## [What is required]
Would you repeat every line of the material exactly?

·····

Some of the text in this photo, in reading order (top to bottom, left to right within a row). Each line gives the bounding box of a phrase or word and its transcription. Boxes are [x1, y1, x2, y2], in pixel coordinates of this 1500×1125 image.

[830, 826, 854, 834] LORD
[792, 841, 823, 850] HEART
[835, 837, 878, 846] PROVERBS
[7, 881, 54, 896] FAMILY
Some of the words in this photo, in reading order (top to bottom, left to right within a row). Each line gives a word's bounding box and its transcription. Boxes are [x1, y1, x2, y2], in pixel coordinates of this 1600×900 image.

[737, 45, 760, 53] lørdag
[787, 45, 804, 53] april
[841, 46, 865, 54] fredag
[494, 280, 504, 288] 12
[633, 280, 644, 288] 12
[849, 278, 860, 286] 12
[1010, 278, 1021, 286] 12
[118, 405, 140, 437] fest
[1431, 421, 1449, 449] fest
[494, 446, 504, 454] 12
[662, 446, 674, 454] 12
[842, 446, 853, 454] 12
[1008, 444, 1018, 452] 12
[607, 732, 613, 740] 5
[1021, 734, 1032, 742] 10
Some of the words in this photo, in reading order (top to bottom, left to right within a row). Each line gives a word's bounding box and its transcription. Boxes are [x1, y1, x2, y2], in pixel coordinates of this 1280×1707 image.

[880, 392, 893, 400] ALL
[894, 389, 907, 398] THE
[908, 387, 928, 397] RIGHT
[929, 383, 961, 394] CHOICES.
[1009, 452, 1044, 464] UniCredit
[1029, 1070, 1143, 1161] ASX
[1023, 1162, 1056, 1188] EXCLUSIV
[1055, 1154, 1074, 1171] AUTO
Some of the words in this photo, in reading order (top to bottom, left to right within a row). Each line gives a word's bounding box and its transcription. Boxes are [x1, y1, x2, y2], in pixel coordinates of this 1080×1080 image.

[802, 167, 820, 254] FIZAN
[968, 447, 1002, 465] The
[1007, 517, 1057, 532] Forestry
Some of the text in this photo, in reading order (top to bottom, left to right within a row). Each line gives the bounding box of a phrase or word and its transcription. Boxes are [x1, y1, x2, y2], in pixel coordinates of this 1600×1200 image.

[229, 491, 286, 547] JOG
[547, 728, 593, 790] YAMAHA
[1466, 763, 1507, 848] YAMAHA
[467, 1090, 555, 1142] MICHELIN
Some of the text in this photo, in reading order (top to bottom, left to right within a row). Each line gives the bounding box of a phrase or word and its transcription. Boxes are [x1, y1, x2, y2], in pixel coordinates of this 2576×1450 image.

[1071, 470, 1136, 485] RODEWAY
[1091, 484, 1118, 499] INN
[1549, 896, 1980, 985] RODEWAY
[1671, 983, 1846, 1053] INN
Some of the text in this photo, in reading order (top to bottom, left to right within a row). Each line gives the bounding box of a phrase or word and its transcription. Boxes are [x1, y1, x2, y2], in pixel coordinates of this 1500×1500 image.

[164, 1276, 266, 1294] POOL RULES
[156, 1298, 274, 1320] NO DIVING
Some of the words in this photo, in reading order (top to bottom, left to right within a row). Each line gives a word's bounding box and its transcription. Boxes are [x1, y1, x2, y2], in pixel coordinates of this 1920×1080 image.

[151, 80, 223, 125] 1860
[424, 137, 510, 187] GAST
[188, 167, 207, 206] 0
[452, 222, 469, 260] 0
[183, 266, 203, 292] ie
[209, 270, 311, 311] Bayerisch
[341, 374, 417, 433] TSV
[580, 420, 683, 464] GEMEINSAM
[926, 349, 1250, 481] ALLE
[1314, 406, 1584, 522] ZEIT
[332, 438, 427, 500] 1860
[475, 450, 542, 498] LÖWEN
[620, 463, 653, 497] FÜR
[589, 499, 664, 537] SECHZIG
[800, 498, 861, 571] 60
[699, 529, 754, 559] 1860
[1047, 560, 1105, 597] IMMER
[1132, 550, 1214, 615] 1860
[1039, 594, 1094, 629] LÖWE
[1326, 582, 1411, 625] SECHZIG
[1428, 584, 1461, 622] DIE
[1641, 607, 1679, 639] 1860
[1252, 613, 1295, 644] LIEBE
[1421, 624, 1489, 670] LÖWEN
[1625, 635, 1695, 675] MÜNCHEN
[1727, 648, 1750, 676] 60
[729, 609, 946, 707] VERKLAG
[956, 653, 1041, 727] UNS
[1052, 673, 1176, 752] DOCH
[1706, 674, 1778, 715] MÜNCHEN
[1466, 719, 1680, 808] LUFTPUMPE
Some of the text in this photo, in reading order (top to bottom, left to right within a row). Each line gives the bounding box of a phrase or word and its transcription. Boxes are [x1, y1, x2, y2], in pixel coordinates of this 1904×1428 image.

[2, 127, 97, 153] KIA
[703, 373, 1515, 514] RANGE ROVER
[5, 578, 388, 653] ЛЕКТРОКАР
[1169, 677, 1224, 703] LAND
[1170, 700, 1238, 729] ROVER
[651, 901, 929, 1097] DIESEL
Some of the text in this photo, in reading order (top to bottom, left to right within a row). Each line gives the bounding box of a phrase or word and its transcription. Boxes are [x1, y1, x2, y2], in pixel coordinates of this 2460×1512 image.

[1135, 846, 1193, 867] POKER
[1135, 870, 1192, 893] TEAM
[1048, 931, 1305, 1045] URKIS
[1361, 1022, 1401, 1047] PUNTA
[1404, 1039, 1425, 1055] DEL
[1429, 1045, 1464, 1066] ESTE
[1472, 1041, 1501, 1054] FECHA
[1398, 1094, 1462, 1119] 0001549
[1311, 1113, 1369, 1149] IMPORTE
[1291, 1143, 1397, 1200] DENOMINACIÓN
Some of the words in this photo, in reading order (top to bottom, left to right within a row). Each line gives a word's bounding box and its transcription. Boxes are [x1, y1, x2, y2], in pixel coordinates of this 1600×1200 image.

·····

## [Answer for this exercise]
Some of the text in this photo, in reading order (top to bottom, left to right within a row). Each line gives the bounding box of a phrase or word and its transcription. Boxes are [x1, y1, x2, y2], in pixel coordinates of this 1500×1125 image.

[830, 826, 854, 834] LORD
[792, 841, 823, 850] HEART
[835, 837, 878, 846] PROVERBS
[7, 881, 54, 896] FAMILY
Some of the words in this photo, in reading order (top to bottom, left to right within a row). Each line gives a word's bounding box and its transcription. Boxes are [x1, y1, x2, y2], in pixel coordinates of this 1600×900 image.

[737, 45, 760, 53] lørdag
[787, 45, 804, 53] april
[841, 46, 865, 54] fredag
[494, 280, 504, 288] 12
[633, 280, 644, 288] 12
[849, 278, 860, 286] 12
[1010, 278, 1021, 286] 12
[118, 405, 140, 437] fest
[1431, 421, 1449, 449] fest
[494, 446, 504, 454] 12
[662, 446, 674, 454] 12
[842, 446, 853, 454] 12
[1008, 444, 1018, 452] 12
[607, 732, 613, 740] 5
[1021, 734, 1032, 742] 10
Some of the words in this photo, in reading order (top to bottom, left to right within a row). Each line gives a word's bounding box and its transcription. Boxes are [x1, y1, x2, y2], in pixel coordinates of this 1280×1707 image.

[880, 392, 893, 400] ALL
[894, 389, 907, 398] THE
[908, 387, 928, 397] RIGHT
[929, 383, 961, 394] CHOICES.
[1009, 452, 1044, 464] UniCredit
[1029, 1070, 1143, 1161] ASX
[1023, 1162, 1056, 1188] EXCLUSIV
[1055, 1154, 1074, 1171] AUTO
Some of the words in this photo, in reading order (top to bottom, left to right within a row). Each line gives a word's bounding box and its transcription. Boxes are [x1, y1, x2, y2], in pixel coordinates of this 1080×1080 image.

[802, 167, 820, 254] FIZAN
[968, 447, 1002, 465] The
[1007, 517, 1057, 532] Forestry
Some of the text in this photo, in reading order (top to bottom, left to right within a row). Each line gives the bounding box of a phrase or word and its transcription. Boxes are [x1, y1, x2, y2], in pixel coordinates of this 1600×1200 image.

[229, 491, 286, 547] JOG
[547, 728, 593, 790] YAMAHA
[1466, 763, 1507, 848] YAMAHA
[467, 1090, 555, 1142] MICHELIN
Some of the text in this photo, in reading order (top to bottom, left to right within a row). Each line gives the bounding box of a phrase or word and its transcription. Boxes are [x1, y1, x2, y2], in pixel coordinates of this 2576×1450 image.

[1071, 470, 1136, 485] RODEWAY
[1091, 484, 1118, 499] INN
[1549, 896, 1980, 985] RODEWAY
[1671, 983, 1846, 1053] INN
Some of the text in this photo, in reading order (top to bottom, left to right within a row). Each line gives the bounding box of a phrase or word and its transcription. Boxes are [x1, y1, x2, y2], in pixel coordinates of this 1500×1500 image.

[164, 1276, 266, 1294] POOL RULES
[156, 1298, 274, 1320] NO DIVING
Some of the words in this photo, in reading order (top to bottom, left to right within a row). Each line gives a word's bounding box and its transcription. Boxes are [x1, y1, x2, y2], in pixel coordinates of this 1920×1080 image.

[151, 80, 223, 125] 1860
[424, 137, 510, 187] GAST
[188, 167, 207, 206] 0
[452, 222, 469, 260] 0
[183, 266, 203, 292] ie
[209, 270, 311, 311] Bayerisch
[341, 374, 417, 433] TSV
[580, 420, 683, 464] GEMEINSAM
[926, 349, 1250, 481] ALLE
[1314, 406, 1584, 522] ZEIT
[332, 438, 427, 500] 1860
[475, 450, 542, 498] LÖWEN
[620, 463, 653, 497] FÜR
[589, 499, 664, 537] SECHZIG
[800, 498, 861, 571] 60
[699, 529, 754, 559] 1860
[1047, 560, 1105, 597] IMMER
[1132, 550, 1214, 615] 1860
[1039, 594, 1094, 629] LÖWE
[1326, 582, 1411, 625] SECHZIG
[1428, 584, 1461, 622] DIE
[1641, 607, 1679, 639] 1860
[1252, 613, 1295, 644] LIEBE
[1421, 624, 1489, 670] LÖWEN
[1625, 635, 1695, 675] MÜNCHEN
[1727, 648, 1750, 676] 60
[729, 609, 946, 707] VERKLAG
[956, 653, 1041, 727] UNS
[1052, 673, 1176, 752] DOCH
[1706, 674, 1778, 715] MÜNCHEN
[1466, 719, 1680, 808] LUFTPUMPE
Some of the text in this photo, in reading order (top to bottom, left to right within a row). Each line gives the bounding box of a phrase or word and its transcription. Boxes are [x1, y1, x2, y2], in pixel coordinates of this 1904×1428 image.

[2, 127, 97, 153] KIA
[703, 373, 1515, 514] RANGE ROVER
[5, 578, 388, 653] ЛЕКТРОКАР
[1169, 677, 1224, 703] LAND
[1170, 700, 1238, 729] ROVER
[651, 901, 929, 1097] DIESEL
Some of the text in this photo, in reading order (top to bottom, left to right within a row). Each line gives the bounding box of a phrase or word and its transcription. Boxes are [x1, y1, x2, y2], in pixel coordinates of this 2460×1512 image.

[1135, 846, 1193, 867] POKER
[1135, 870, 1192, 893] TEAM
[1048, 931, 1305, 1045] URKIS
[1361, 1022, 1401, 1047] PUNTA
[1404, 1039, 1425, 1055] DEL
[1429, 1045, 1464, 1066] ESTE
[1472, 1041, 1501, 1054] FECHA
[1398, 1094, 1462, 1119] 0001549
[1311, 1113, 1369, 1149] IMPORTE
[1291, 1143, 1397, 1200] DENOMINACIÓN
Some of the words in this photo, in reading order (top to bottom, left to right within a row). Each line gives a word's bounding box and its transcription. Boxes are [x1, y1, x2, y2], in pixel coordinates of this 1600×1200 image.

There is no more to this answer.